BUSH: UN GRANDISSIMO PRESIDENTE?

Il primo ministro Silvio Berlusconi ha osannato George Bush come un "grandissimo presidente" che entrerà nella storia. Il commento è avvenuto nel probabile ultimo incontro fra i due leader alla Casa Bianca recentemente.

L'amicizia fra i due è nota e forse è stata questa la ragione per il commento di Berlusconi. La realtà ovviamente è un'altra. In un articolo pubblicato su Rolling Stone Magazine nel 2006, Sean Wilentz, professore di storia americana alla Princeton University, ci dice che la presidenza di Bush verrà giudicata come una delle peggiori. Bush, secondo Wilentz, eventualmente sarà piazzato a fianco dei più incapaci presidenti come James Buchanan, Andrew Johnson, Warren Harding, e Richard Nixon.

Uno studio informale condotto nel 2004 fra 415 studiosi di storia ha rivelato che l'amministrazione Bush era già un fallimento. Quattro anni dopo le cose non hanno fatto che peggiorare per Bush e ovviamente per tutto il Paese. L'impopolarità di Bush è riflessa in un recente sondaggio della Abc News secondo cui solo il 26% degli americani approva il lavoro dell'attuale residente alla casa Bianca.

Le cifra è persino più bassa di quella ottenuta da Richard Nixon pochi giorni prima di dimettersi per lo scandalo di Watergate nel 1974. Ciò che colpisce di più consiste dal fatto che poco dopo le stragi dell'11 settembre 2001 Bush riceveva il 92% dei consensi.

La capacità di Bush di sperperare il capitale politico che la tragedia del 2001 gli aveva "regalato" è incredibile e la storia ne farà luce. Per noi che abbiamo osservato da contemporanei la disastrosa politica del presidente tutto è troppo fresco per capirci chiaramente perché soffriamo ancora le ferite sia nel campo internazionale che in quello nazionale.

La guerra in Iraq è naturalmente il primo fallimento dell'amministrazione Bush. Usando la paura della tragedia dell'11 settembre Bush ha scelto di attaccare un Paese con il pretesto della presenza armi di distruzione massiva. Non avendole trovate si è cercato di giustificare lo sbaglio dicendo che Saddam Hussein era un tiranno che opprimeva gli iracheni. La guerra mirava dunque a creare un Paese democratico. Anche gli americani meno accorti si sono resi conto che ciò richiede anni ed anni di tempo e che gli americani non possono permettersi il lusso di cominciare guerre per spargere la democrazia nel mondo.

I costi non sono stati solo di perdite umane. Le spese della guerra sono anche strettamente legate all'economia. Non si può naturalmente affibbiare tutti i problemi economici a Bush ma anche uno sguardo panoramico suggerisce le sue responsabilità.
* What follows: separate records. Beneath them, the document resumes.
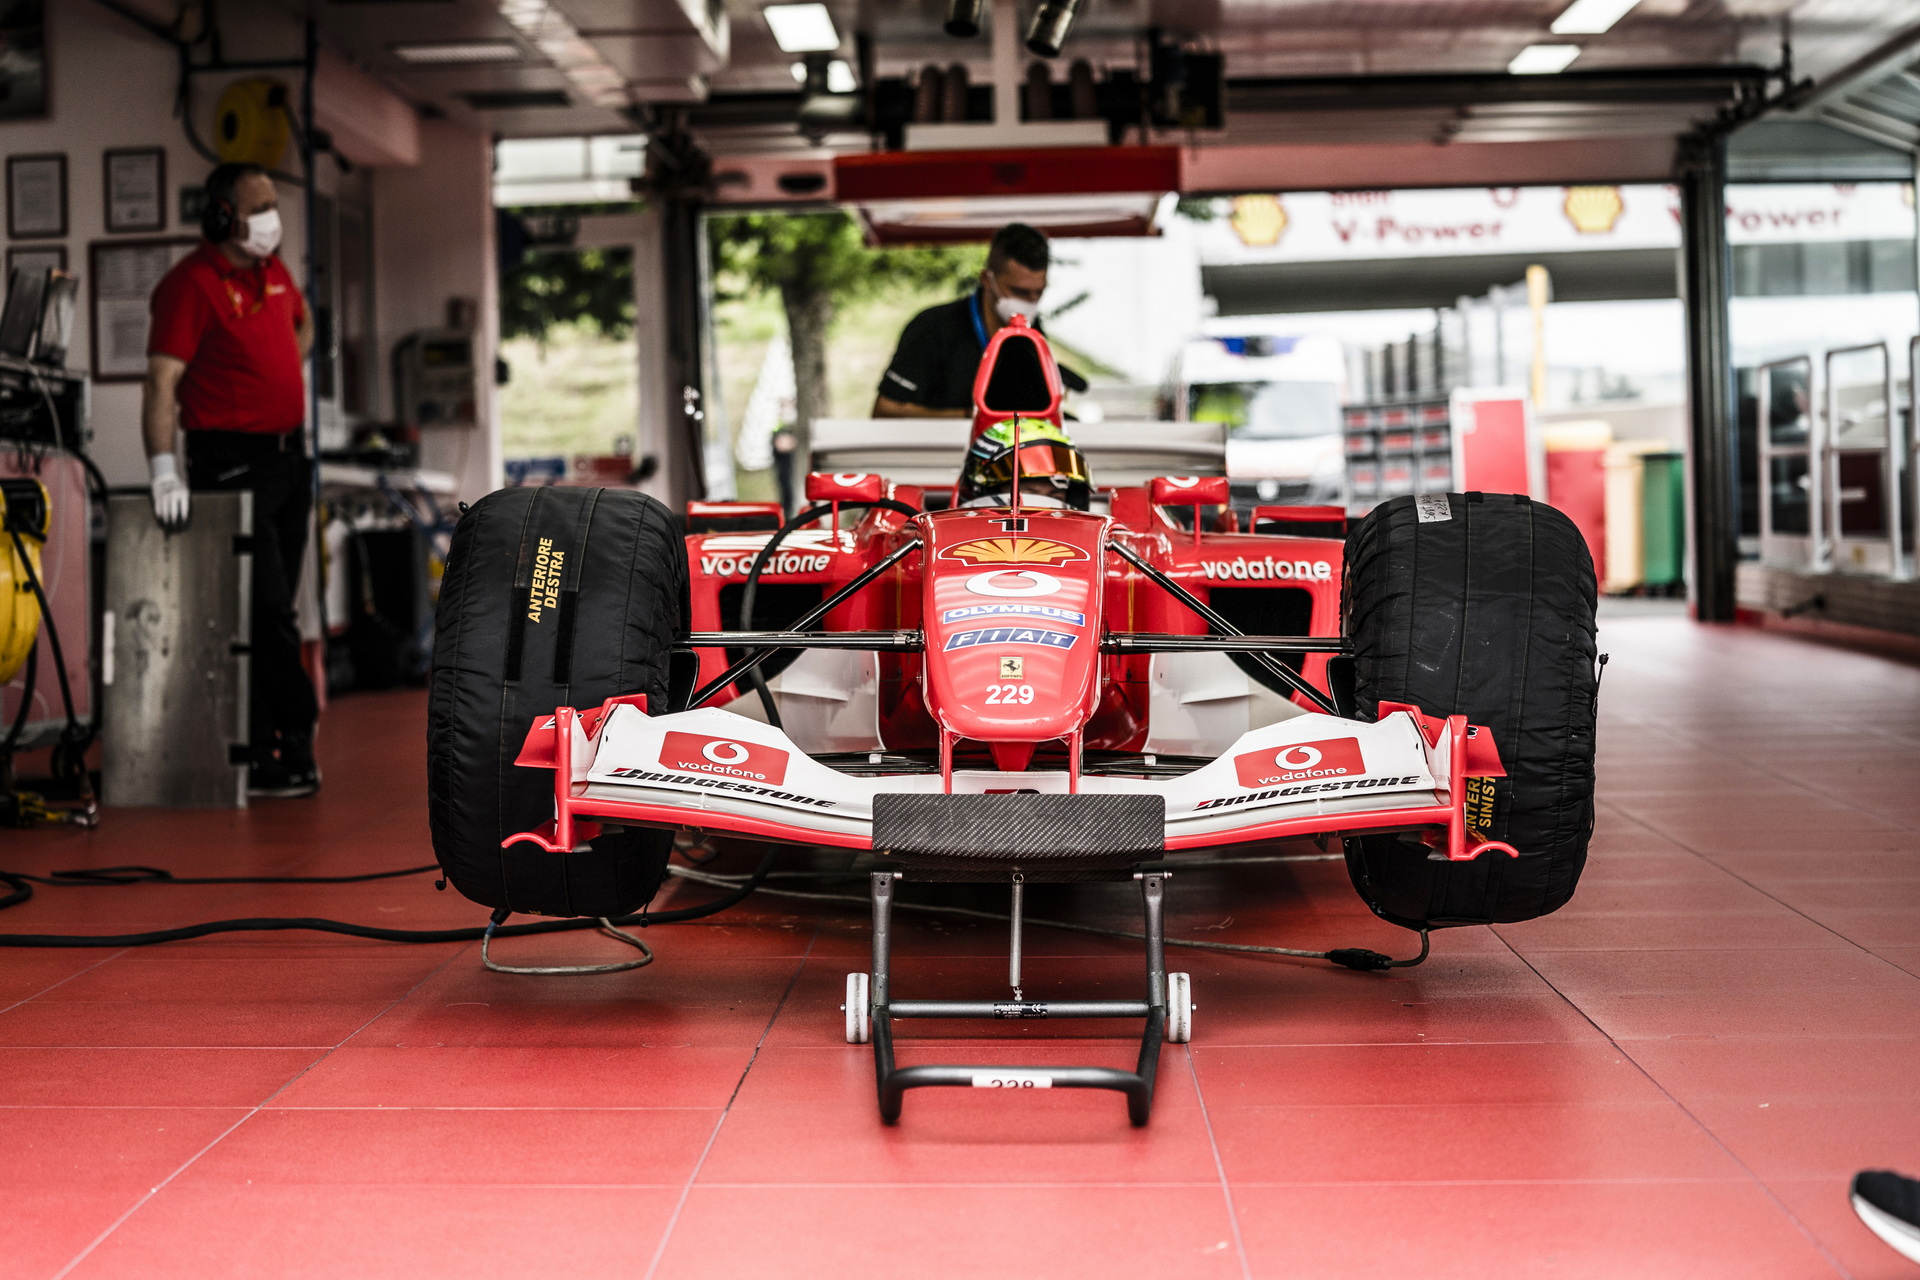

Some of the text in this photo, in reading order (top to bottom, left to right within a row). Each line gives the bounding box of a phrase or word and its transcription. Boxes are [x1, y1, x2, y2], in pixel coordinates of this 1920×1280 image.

[701, 552, 831, 577] vodafone
[1200, 556, 1332, 580] vodafone
[528, 537, 553, 624] ANTERIORE
[544, 551, 565, 609] DESTRA
[949, 605, 1081, 621] OLYMPUS
[956, 630, 1069, 647] FIAT
[984, 684, 1035, 705] 229
[677, 760, 766, 781] vodafone
[1258, 766, 1348, 785] vodafone
[605, 768, 838, 808] BRIDGESTONE
[1192, 775, 1420, 811] BRIDGESTONE
[1478, 776, 1496, 828] SINIST
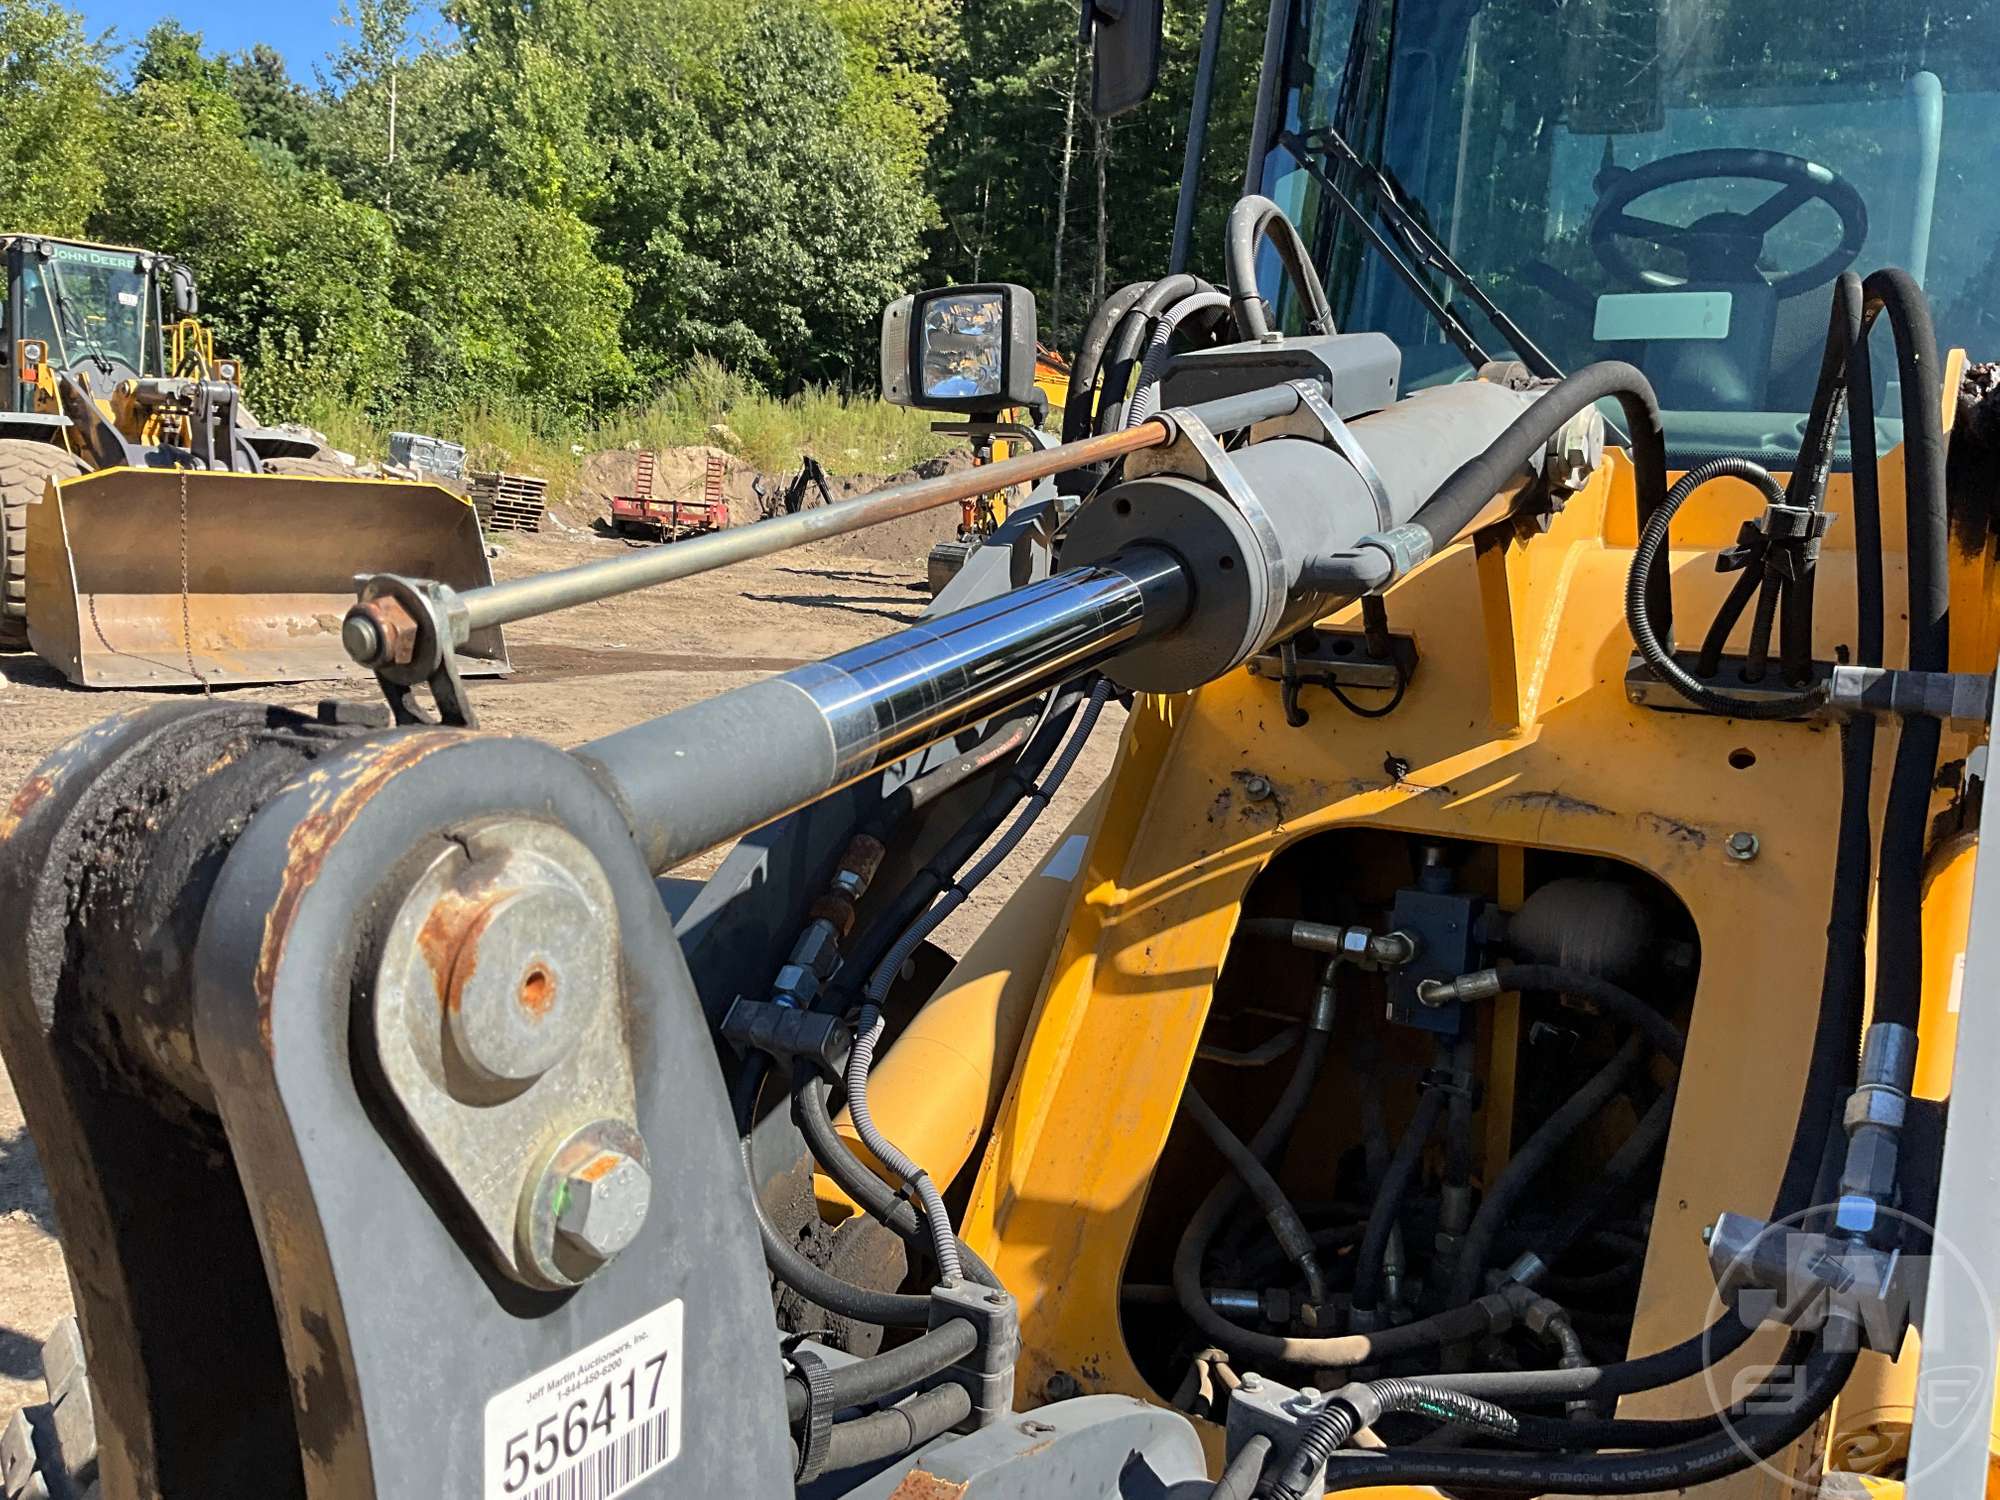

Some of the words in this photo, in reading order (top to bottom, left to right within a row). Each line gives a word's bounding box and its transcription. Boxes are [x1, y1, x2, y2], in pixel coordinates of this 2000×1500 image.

[53, 247, 87, 262] JOHN
[91, 253, 134, 268] DEERE
[526, 1385, 545, 1404] Jeff
[547, 1370, 575, 1391] Martin
[633, 1331, 648, 1345] Inc.
[503, 1350, 668, 1494] 556417
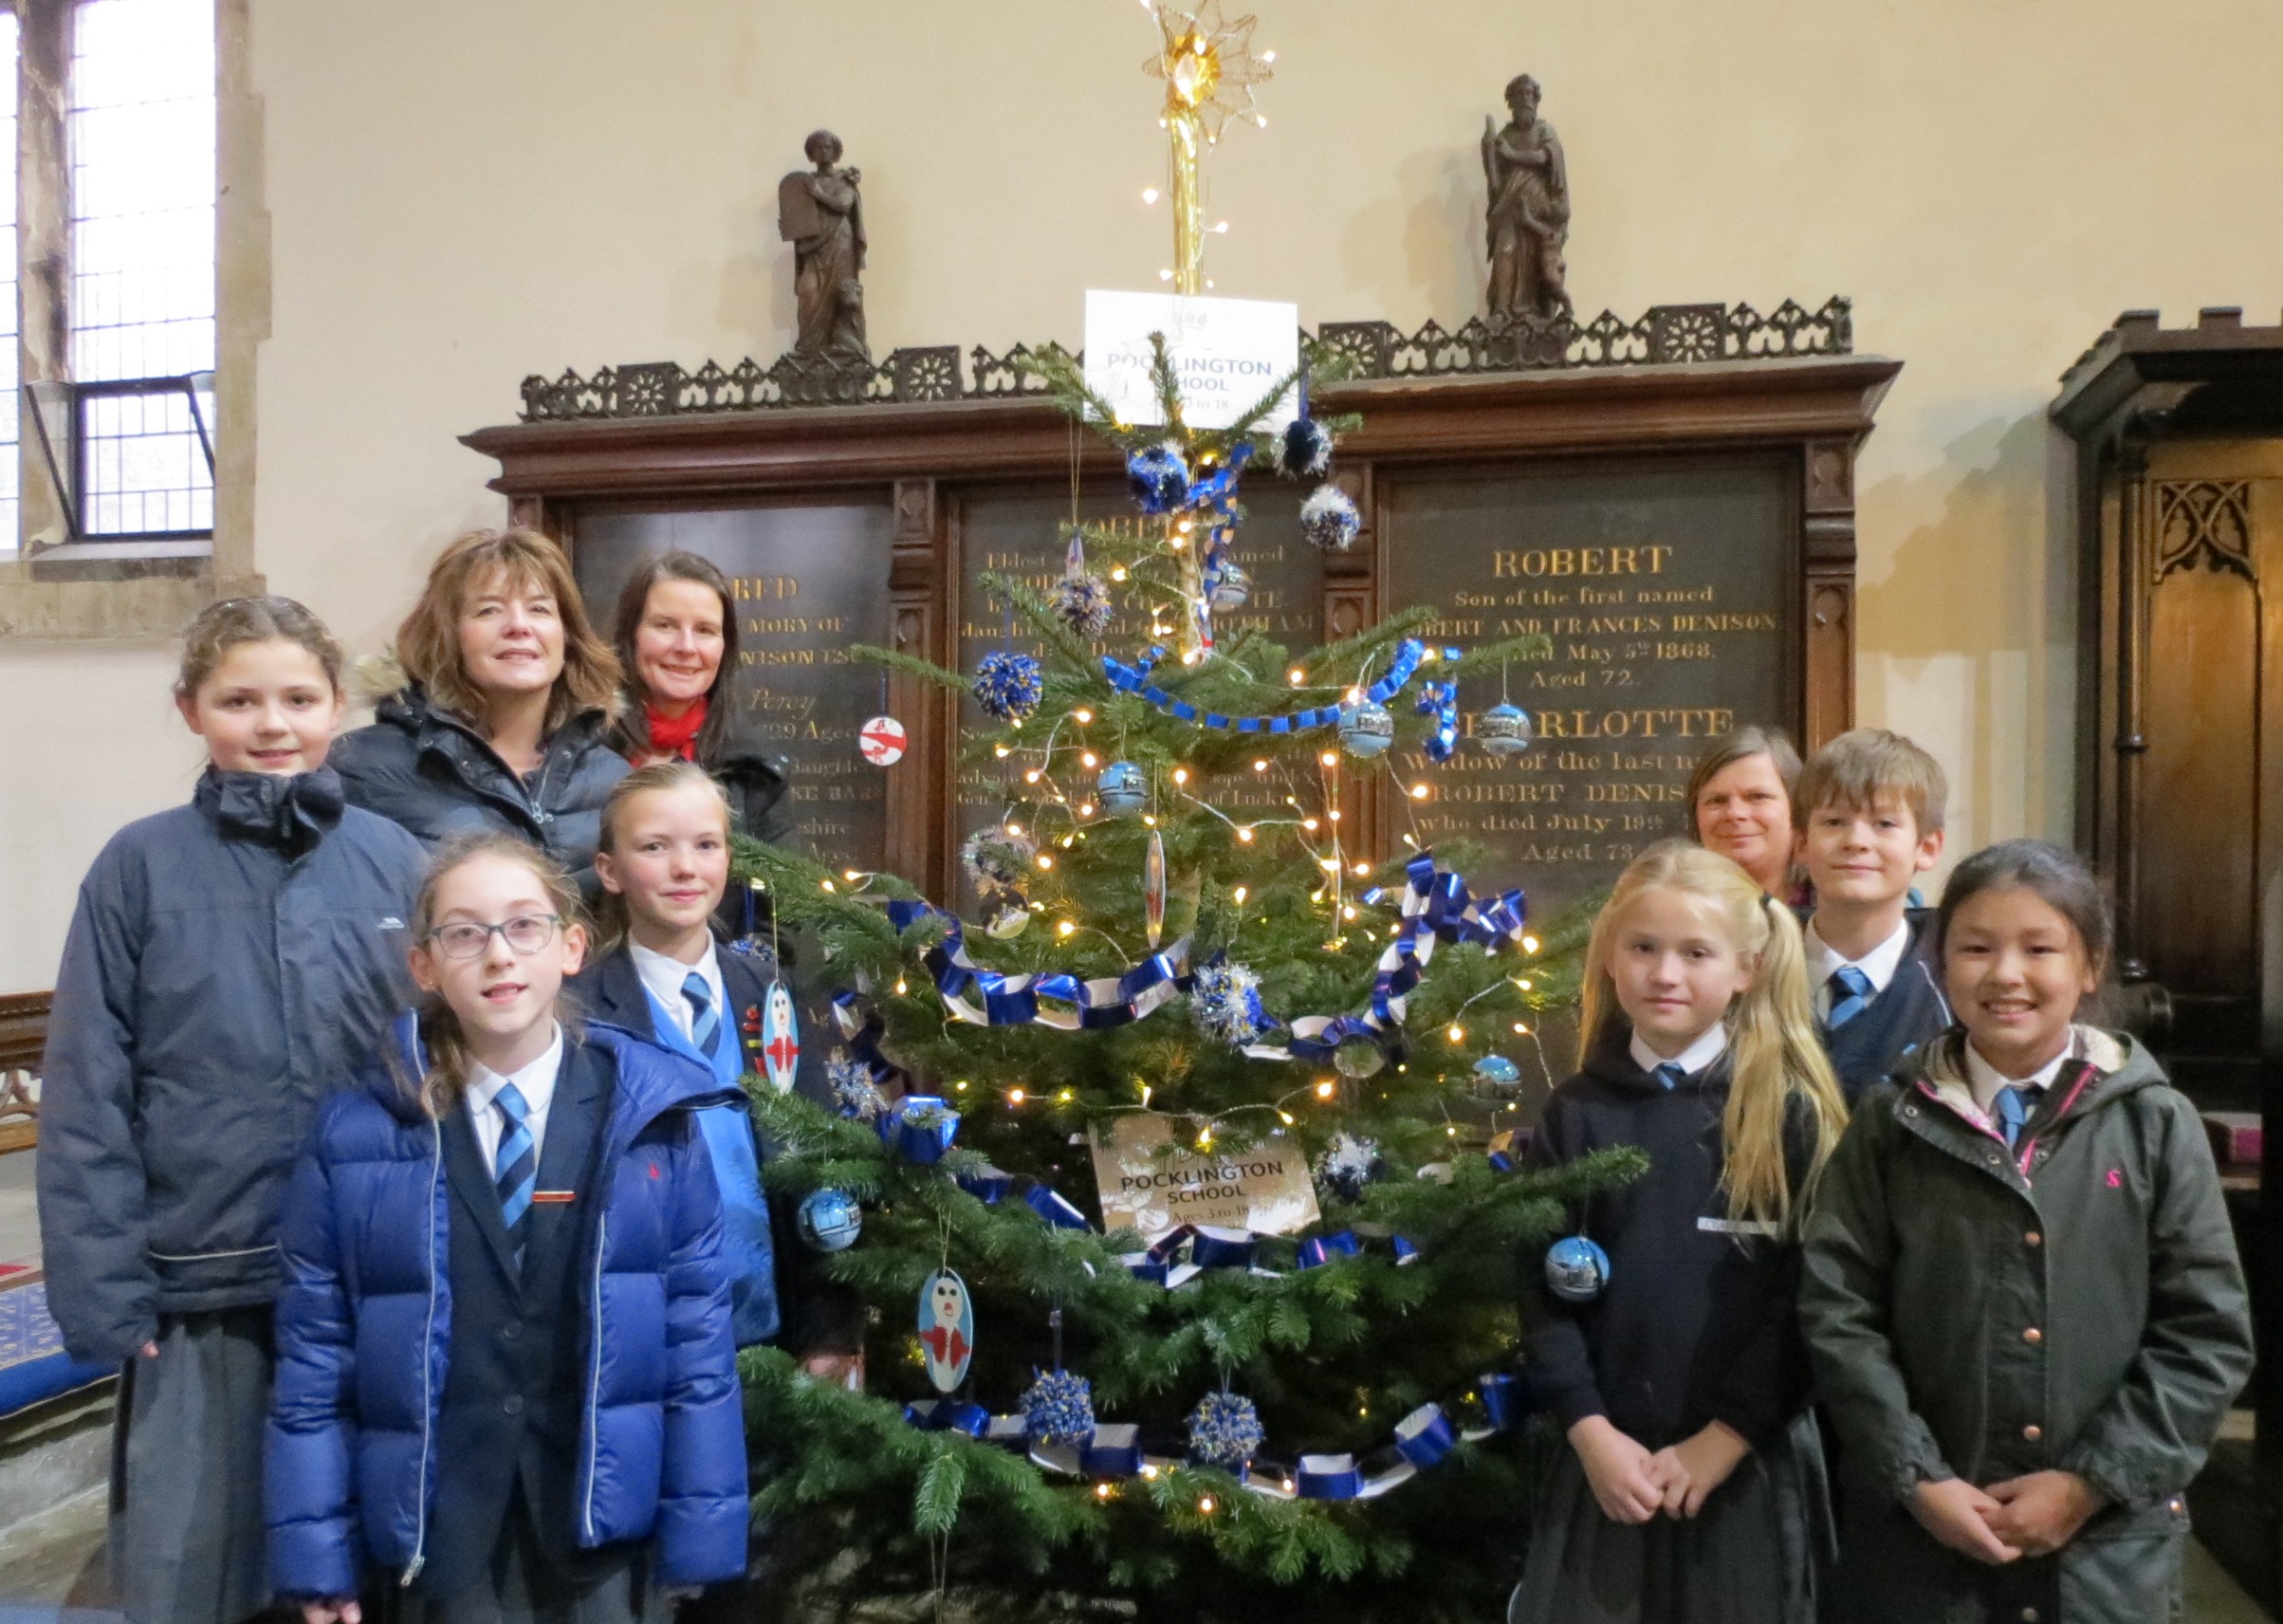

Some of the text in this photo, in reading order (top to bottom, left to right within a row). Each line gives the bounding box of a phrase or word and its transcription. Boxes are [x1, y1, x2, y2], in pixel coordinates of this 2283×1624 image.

[1493, 546, 1672, 578] ROBERT
[1455, 584, 1714, 607] Son of the first named
[1497, 618, 1543, 636] AND
[1552, 616, 1662, 635] FRANCES
[1672, 613, 1778, 633] DENISON
[1567, 642, 1611, 664] May
[1529, 670, 1587, 690] Aged
[1519, 751, 1547, 770] of
[1557, 750, 1601, 770] the
[1612, 750, 1664, 770] last
[1585, 782, 1685, 803] DENIS
[1419, 813, 1470, 831] who
[1481, 813, 1537, 831] died
[1546, 813, 1613, 835] July
[1520, 842, 1593, 862] Aged
[1120, 1159, 1284, 1190] POCKLINGTON
[1168, 1184, 1246, 1205] SCHOOL
A cominciare dai tagli effettuati alle tasse che in gran misura hanno recato benefici ai benestanti. Un altro effetto negativo collaterale si è visto con i deficit al bilancio creati da Bush. Durante l'amministrazione di Bill Clinton il Paese aveva generato un surplus. Negli otto anni del presidente attuale i deficit sono diventati stratosferici. Il deficit per il 2008 raggiungerà 455 miliardi di dollari.

La recentissima crisi a Wall Street ed il salvataggio delle banche ci costeranno parecchio. La deregolarizzazione dei mercati supportata principalmente dal partito del presidente ma anche dai democratici ha causato il crack alla borsa. Per impedire una crisi più severa ed una ripetizione della Grande Depressione Bush ha proposto lo stanziamento di 700 miliardi di dollari che il Congresso ha approvato. I contribuenti faremo le pulizie per i problemi del capitalismo che è strettamente legato a Bush ed il suo partito.

Il fallimento di Bush avrà conseguenze politiche per il suo partito. Non a caso Barack Obama ha parlato parecchio dei legami di vedute fra John McCain e Bush. Il candidato democratico ha ribadito che il Paese non si può permettere un terzo mandato per Bush mediante l'elezione di McCain. Si tratta di una tattica politica efficace. Tutti i sondaggi ci dicono che un repubblicano non risiederà alla Casa Bianca nel 2009. La storia non si ripeterà. Si può cominciare a sperare per un futuro migliore.

Domenico Maceri (x)

(x) dmaceri@gmail.com), PhD della Università della California a

Santa Barbara, è docente di lingue a Allan Hancock College, Santa Maria, California, USA. I suoi contributi sono stati pubblicati da molti giornali (International Herald Tribune, Los Angeles Times, Washington Times, San Francisco Chronicle, Montreal Gazette, Japan Times, La Opinión, Korea Times, ecc.) ed alcuni hanno vinto premi dalla National Association of Hispanic Publications.